Contemporary Exegesis

I have a final exam tomorrow in one of my classes. That's right, a final! We'll be done with this class on Weds, have a week off, and start another one the week after. Strange schedule.

First, I'll write about an article entitled, "Christ in Contemporary Exegesis: Where We Are and Where We Are Going" by Klemens Stock. He begins by outlining a few trends in exegesis:
  1. The gap between the "historical pre-paschal Jesus" and the "Post-Paschal Christ" is getting smaller. Exegetes are recognizing the problem with both extreme positions. Bultmann, at one extreme, thought the Jesus of history had nothing to give to us. All that matters is the saving act of Christ. On the other hand, we have Jeremais, who thinks that the only important thing is finding details about Jesus according to the historical-critical method and focusing on them. Bridges are starting to be built which recognize the "implicit Christology" present all through the Gospels. You cannot separate Jesus from Christ!
  2. The search for the "historical Jesus" continues.
  3. There is growing discontentment with the historical-critical method. Why? a few reasons. Let me list them... First, the method only offers hypotheses, it does not give people the bread of life. It does not help anyone make a decision about how to live their life in the footsteps of Christ. Secondly, the method is divorced from praxis, and turns the study of Christ into a cold, academic one. Third, the attempt to interpret Scripture from the point of view of depth psychology has not been very fruitful. [don't ask me what that means]
  4. There is a desire to reclaim the "Jewishness" of Jesus. These interpretations tend to dismiss other aspects of Christ as inventions of Paul.
  5. New approaches affect how we see Christ. Ex: Historical Impact (history of exegesis), Rhetorical analysis (text as a whole), Methodological Reflection (H-C method is critique, analogy, correlation- look at the problems with them).
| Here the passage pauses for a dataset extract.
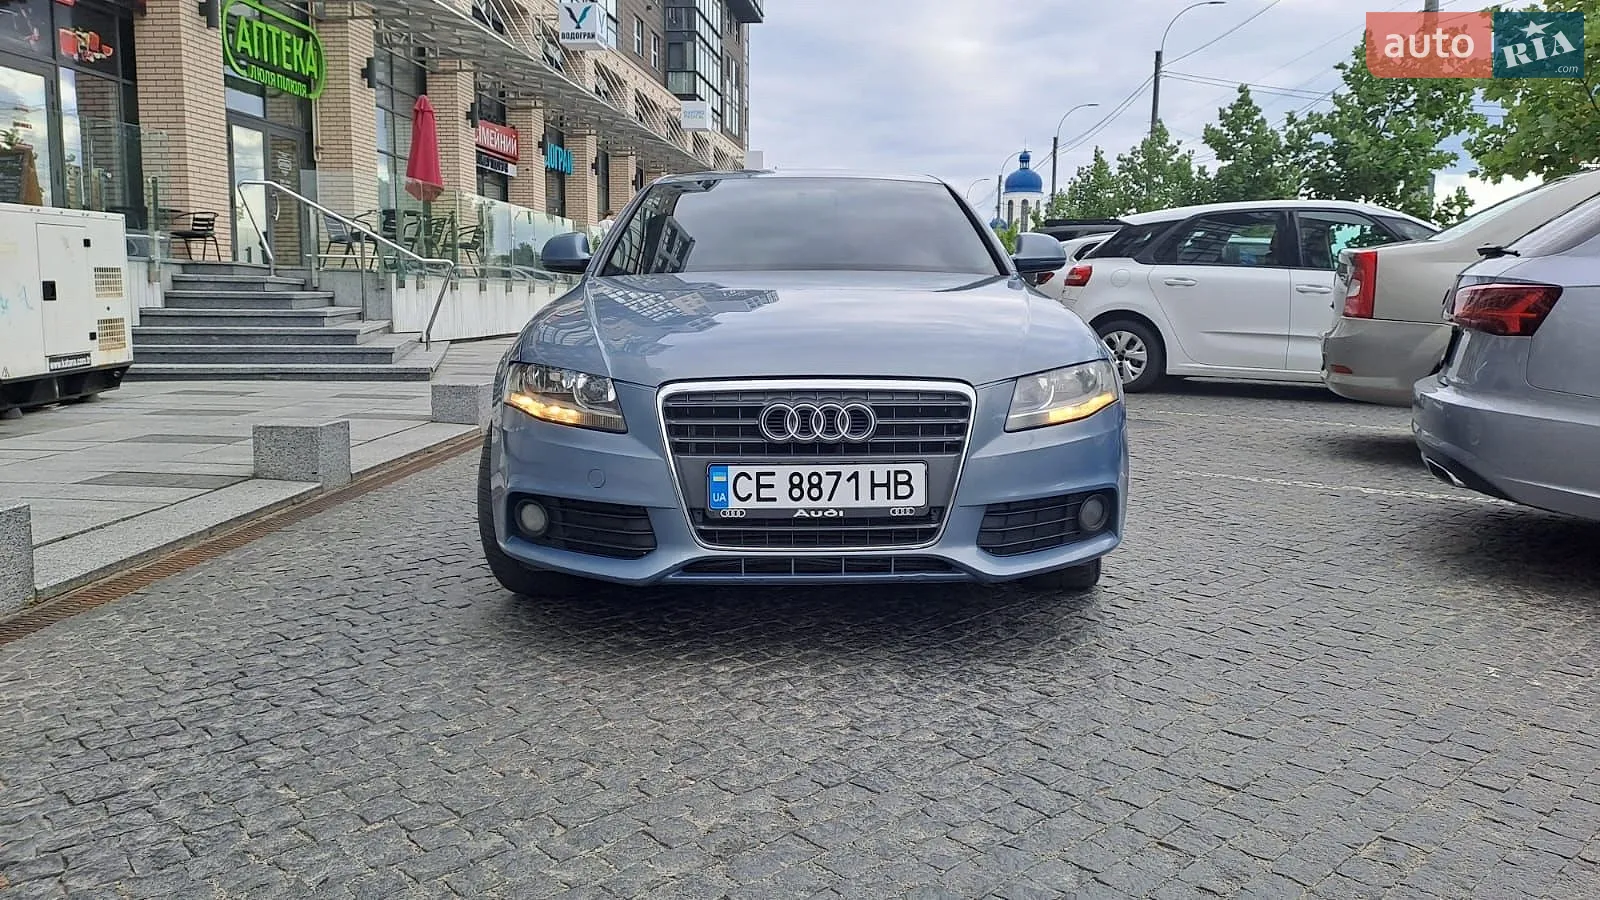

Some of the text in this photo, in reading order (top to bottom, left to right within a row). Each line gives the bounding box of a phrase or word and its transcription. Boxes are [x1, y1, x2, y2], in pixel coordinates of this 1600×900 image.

Next, Stock gives us some guidelines for exegesis, assuming that we want to find Jesus, whole and entire and in Himself.

  1. Do less violence to the text. Just as we can see the effects in nature when we approach it with our own purpose and make it bend to our wills, Scripture needs to be approached in such a way as it is allowed to speak.
  2. Respect the Gospels as unique sources. Realize that you cannot separate Jesus of Nazareth from His followers. Christ preached a new way of life, a community. He did not display concern that His words and actions be written down as they went along; rather He was concerned about building a community. The Gospels are testimonies of faith, and this does not make them any less true. They are an inseparable weaving of what Jesus said and did and the effect that He had.
  3. Continue the historical work. We must respect the age of the text and the tools needed to understand it. This includes looking at literary form, language, intellectual background, context, authors & intentions, addressees & situations, and past interpretation of the text.
  4. Use the whole as a reference point. To illustrate this point, Stock presents the case of the Gospels of John and Mark. Do they point to the same person, even though one presents us a "High Christology" and one is less clear? (yes- look at the whole of Mark's Gospel and you will find implicit affirmations of the things John explicitly teaches us)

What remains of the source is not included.